(Material to process Opens)
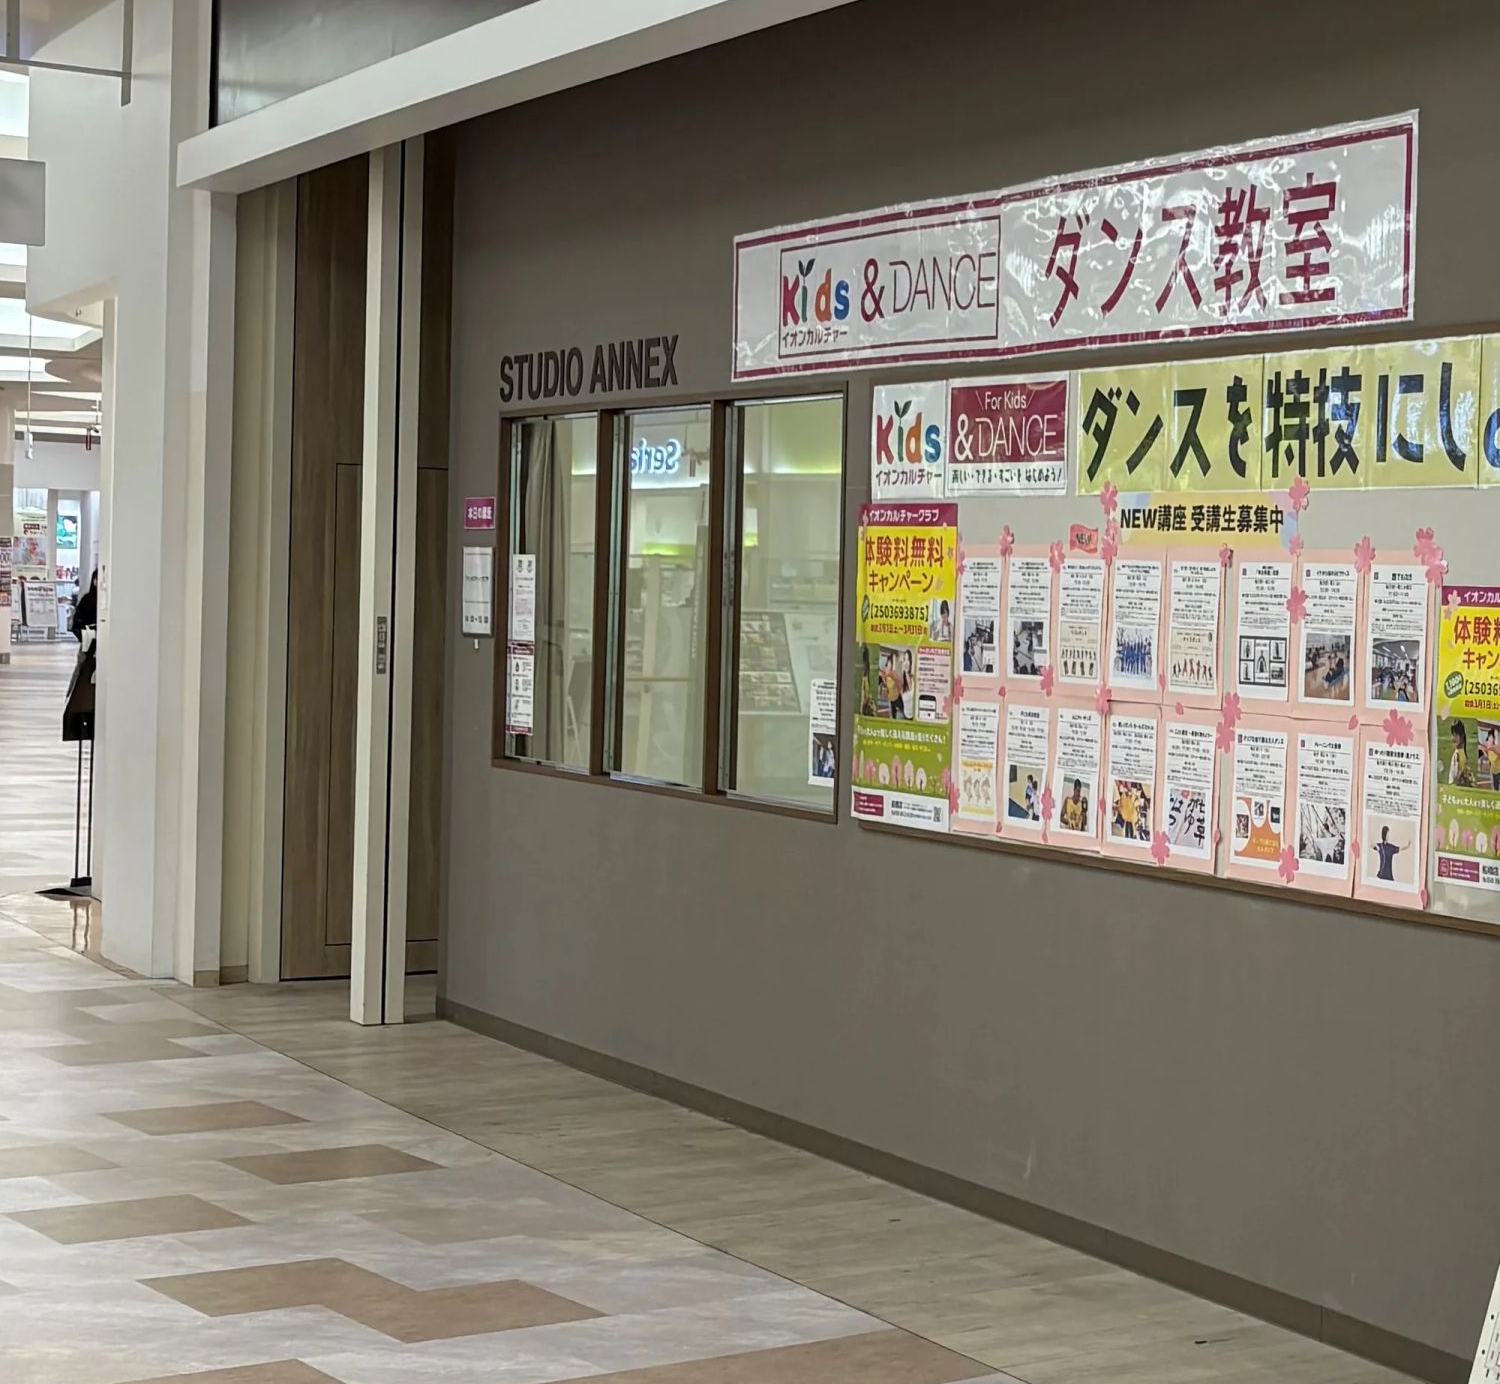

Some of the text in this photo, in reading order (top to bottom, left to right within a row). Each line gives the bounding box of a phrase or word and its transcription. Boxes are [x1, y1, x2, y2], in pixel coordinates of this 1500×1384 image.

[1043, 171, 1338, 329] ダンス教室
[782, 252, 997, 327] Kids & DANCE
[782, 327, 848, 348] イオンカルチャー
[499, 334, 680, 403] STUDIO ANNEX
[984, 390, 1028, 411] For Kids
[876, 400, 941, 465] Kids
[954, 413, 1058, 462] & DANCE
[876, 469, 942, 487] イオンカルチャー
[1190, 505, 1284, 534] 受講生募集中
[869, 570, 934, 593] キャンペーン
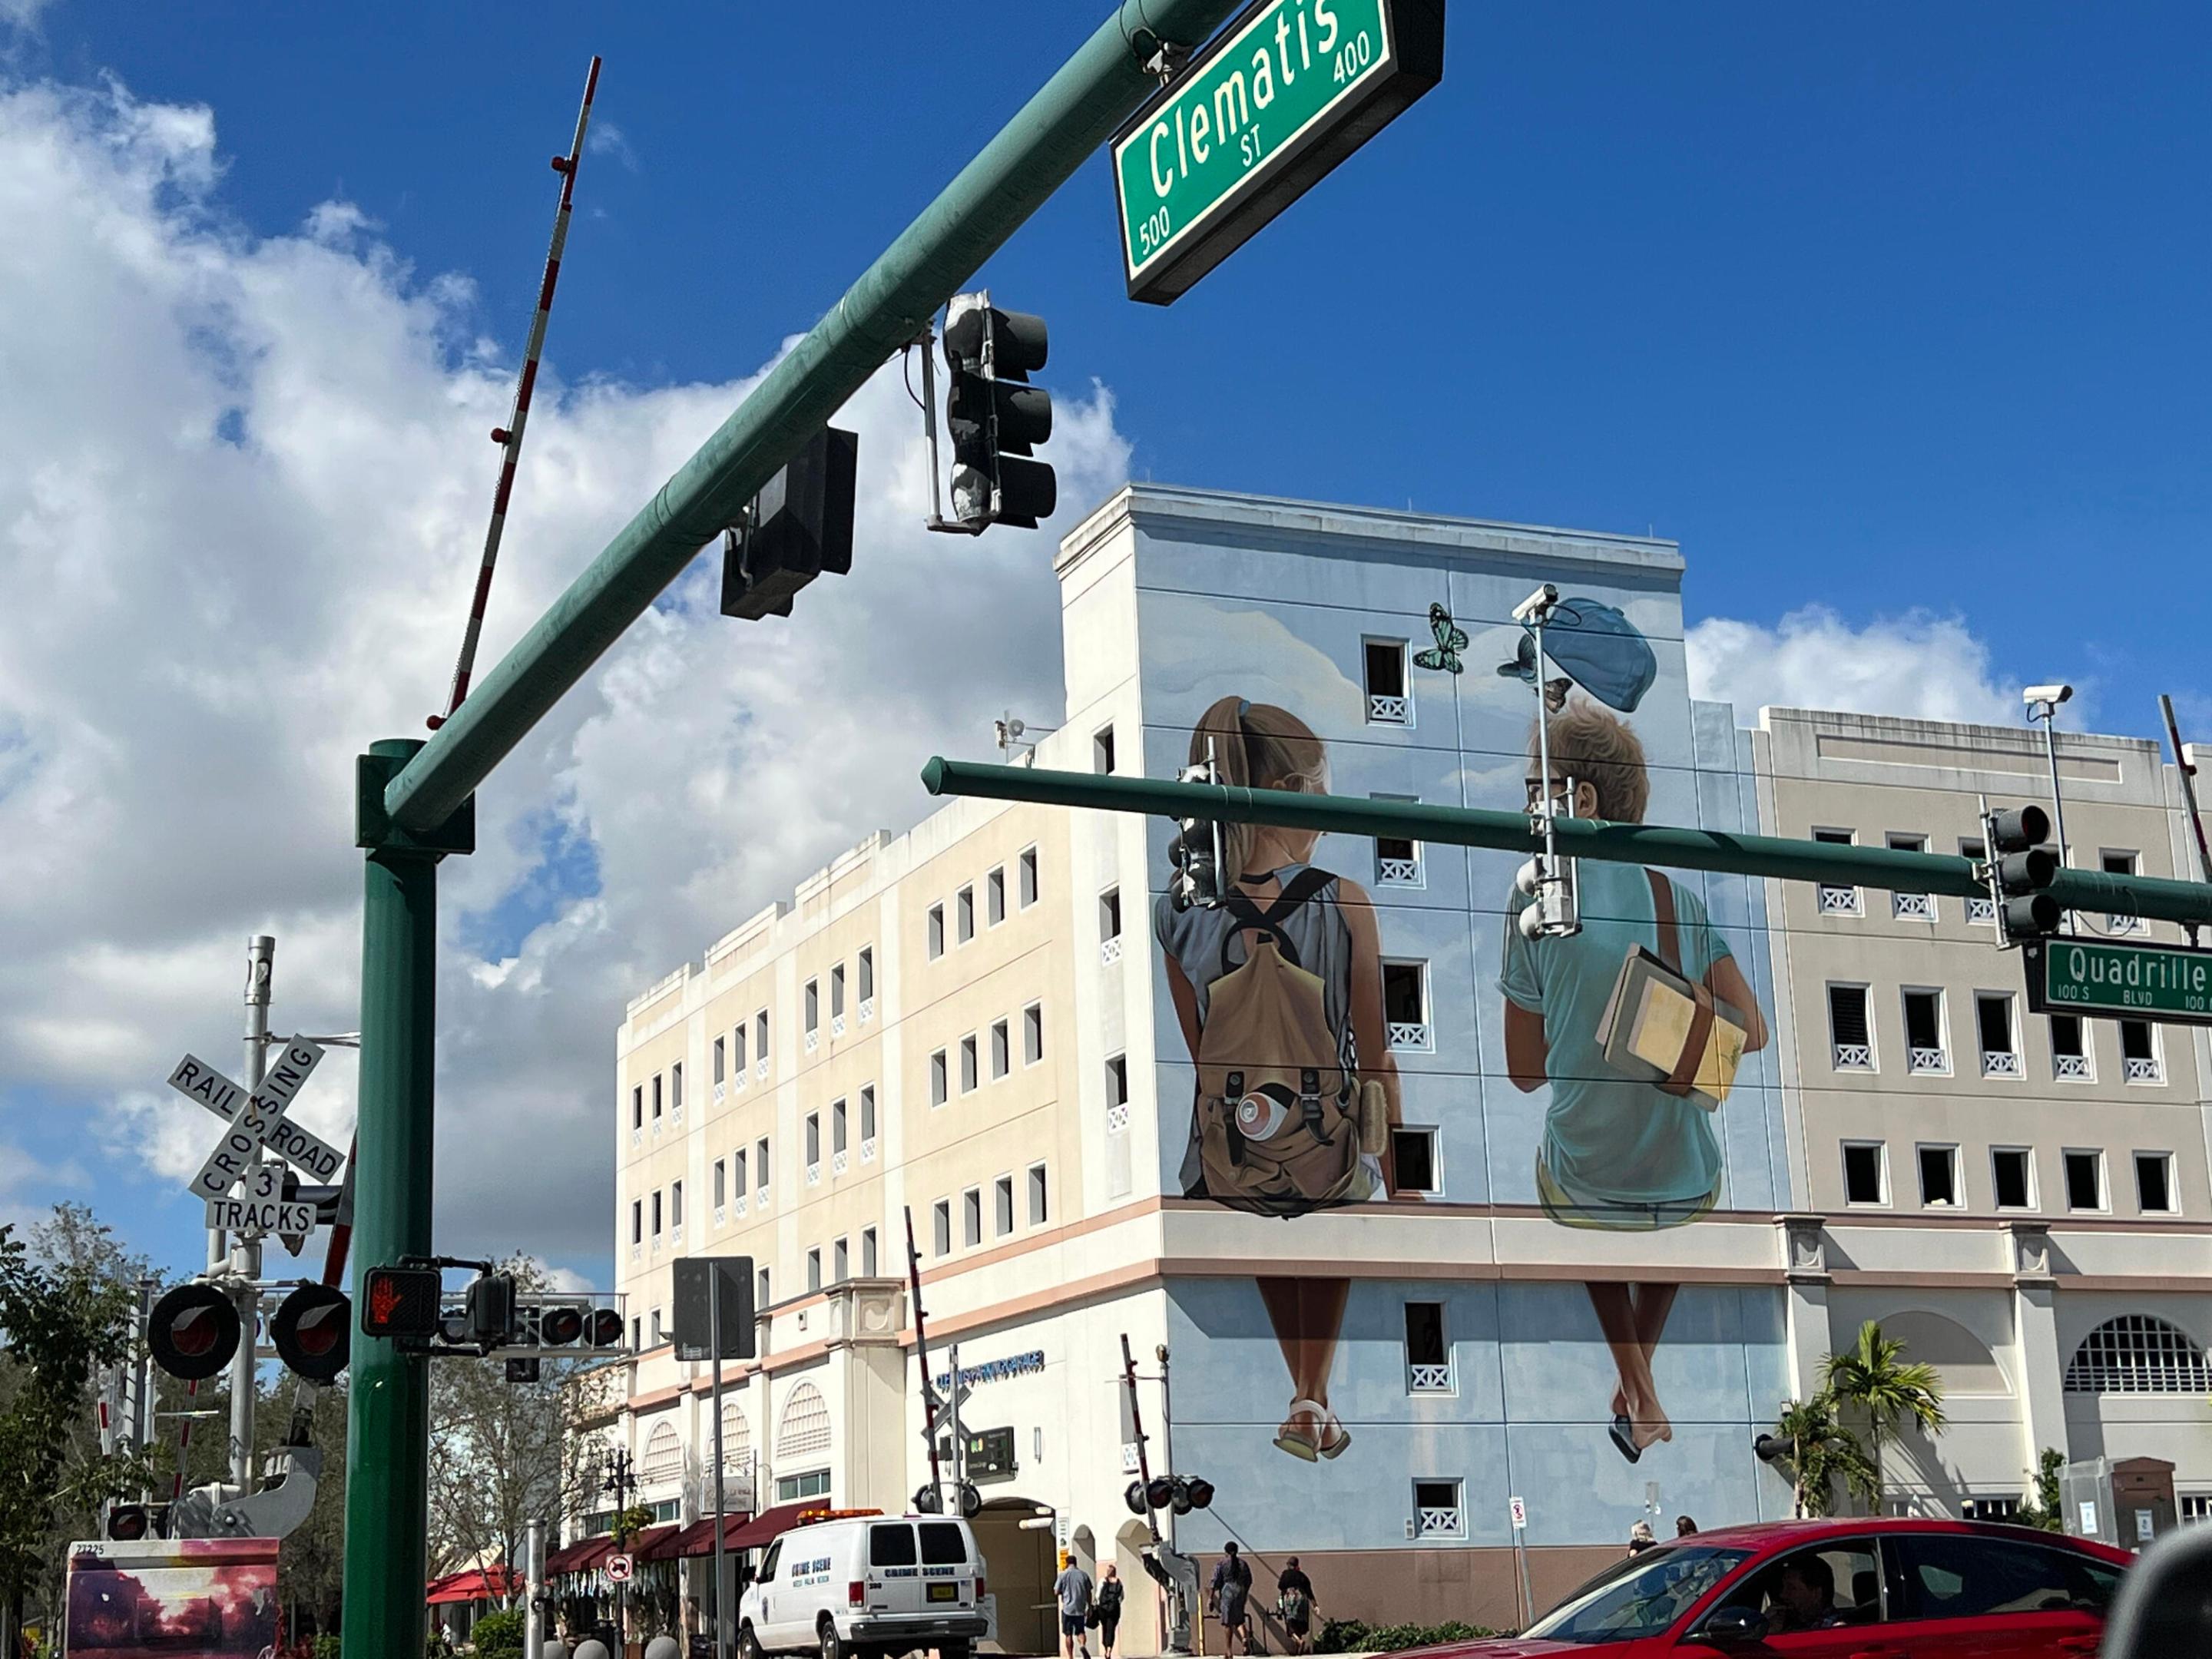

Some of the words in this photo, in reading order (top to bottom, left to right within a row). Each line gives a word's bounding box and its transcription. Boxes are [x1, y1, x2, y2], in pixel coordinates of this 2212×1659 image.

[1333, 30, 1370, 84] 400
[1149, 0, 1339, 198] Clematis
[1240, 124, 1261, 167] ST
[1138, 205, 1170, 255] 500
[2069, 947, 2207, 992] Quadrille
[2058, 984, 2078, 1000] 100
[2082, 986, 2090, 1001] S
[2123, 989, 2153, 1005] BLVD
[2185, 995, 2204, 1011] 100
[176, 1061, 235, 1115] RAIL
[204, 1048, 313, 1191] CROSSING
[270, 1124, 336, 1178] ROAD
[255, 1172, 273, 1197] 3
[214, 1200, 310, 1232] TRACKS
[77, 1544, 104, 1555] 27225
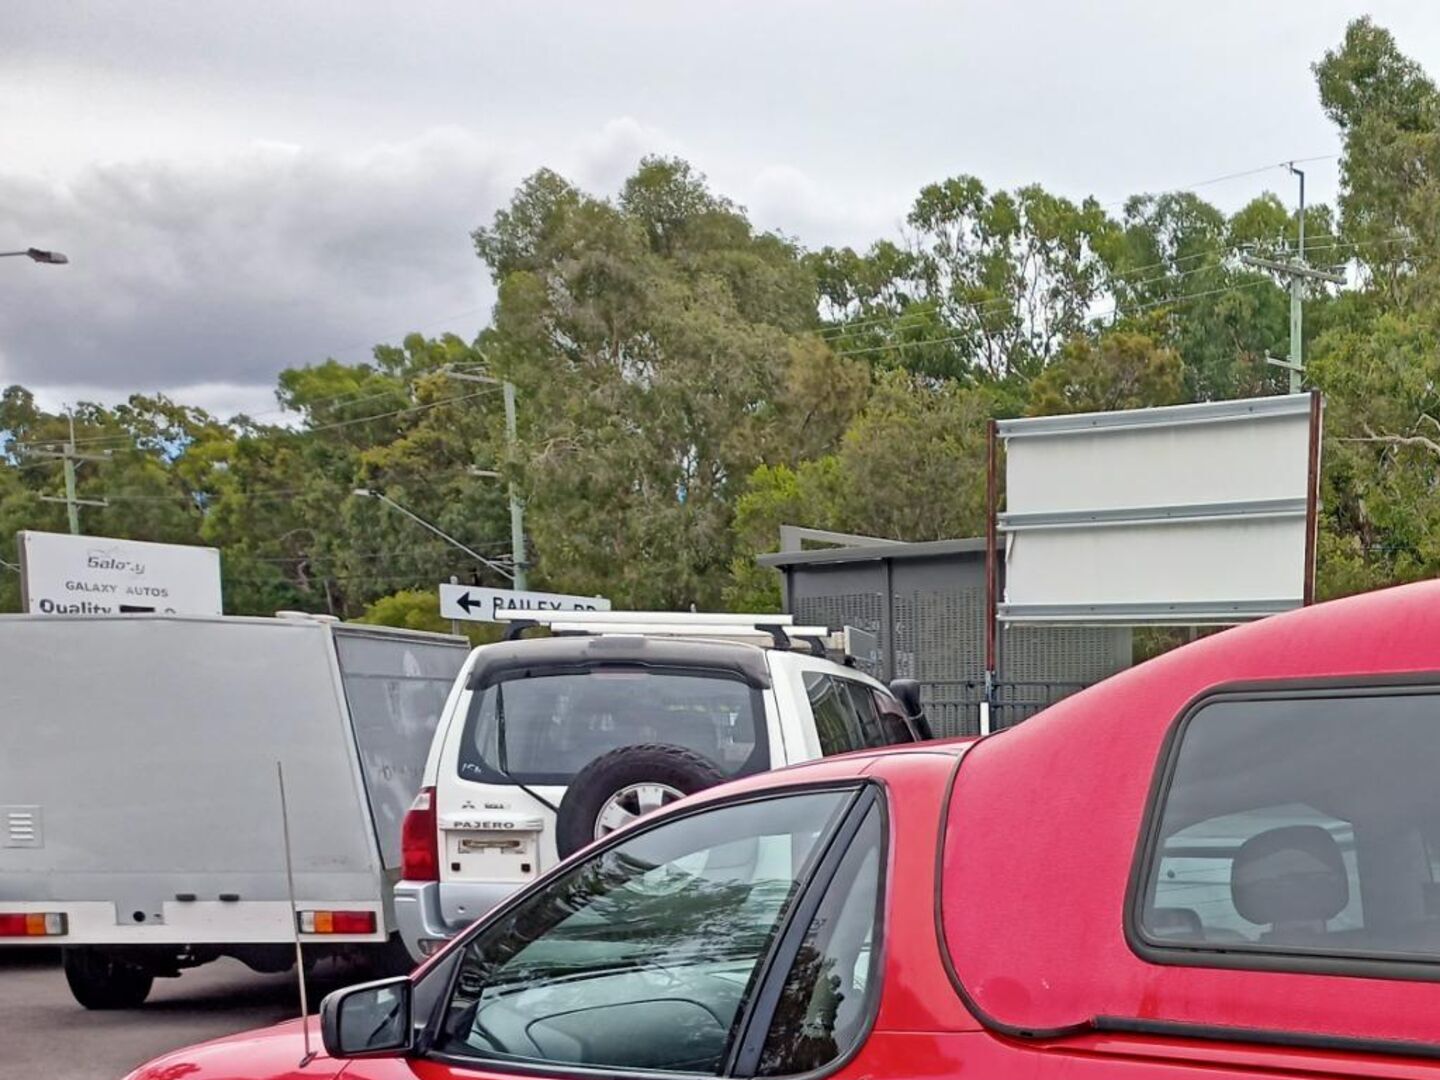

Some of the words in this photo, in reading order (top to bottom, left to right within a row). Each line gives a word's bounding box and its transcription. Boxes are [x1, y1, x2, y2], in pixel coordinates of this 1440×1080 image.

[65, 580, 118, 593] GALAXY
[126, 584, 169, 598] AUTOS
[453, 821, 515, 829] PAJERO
(Material to process Closes)
### Task:
What is needed is an exact printout of all the entries, without the pictures.

### Problem solution:
Some of the text in this photo, in reading order (top to bottom, left to right within a row). Each line gives the bounding box of a phrase or word and its transcription. Boxes are [x1, y1, x2, y2], in pixel coordinates of this 1500×1384 image.

[1043, 171, 1338, 329] ダンス教室
[782, 252, 997, 327] Kids & DANCE
[782, 327, 848, 348] イオンカルチャー
[499, 334, 680, 403] STUDIO ANNEX
[984, 390, 1028, 411] For Kids
[876, 400, 941, 465] Kids
[954, 413, 1058, 462] & DANCE
[876, 469, 942, 487] イオンカルチャー
[1190, 505, 1284, 534] 受講生募集中
[869, 570, 934, 593] キャンペーン

Some of the words in this photo, in reading order (top to bottom, left to right within a row). Each line gives a word's bounding box and its transcription. Boxes are [x1, y1, x2, y2], in pixel coordinates of this 2212×1659 image.

[1333, 30, 1370, 84] 400
[1149, 0, 1339, 198] Clematis
[1240, 124, 1261, 167] ST
[1138, 205, 1170, 255] 500
[2069, 947, 2207, 992] Quadrille
[2058, 984, 2078, 1000] 100
[2082, 986, 2090, 1001] S
[2123, 989, 2153, 1005] BLVD
[2185, 995, 2204, 1011] 100
[176, 1061, 235, 1115] RAIL
[204, 1048, 313, 1191] CROSSING
[270, 1124, 336, 1178] ROAD
[255, 1172, 273, 1197] 3
[214, 1200, 310, 1232] TRACKS
[77, 1544, 104, 1555] 27225

Some of the words in this photo, in reading order (top to bottom, left to right within a row). Each line gives a word's bounding box and its transcription. Boxes are [x1, y1, x2, y2], in pixel coordinates of this 1440×1080 image.

[65, 580, 118, 593] GALAXY
[126, 584, 169, 598] AUTOS
[453, 821, 515, 829] PAJERO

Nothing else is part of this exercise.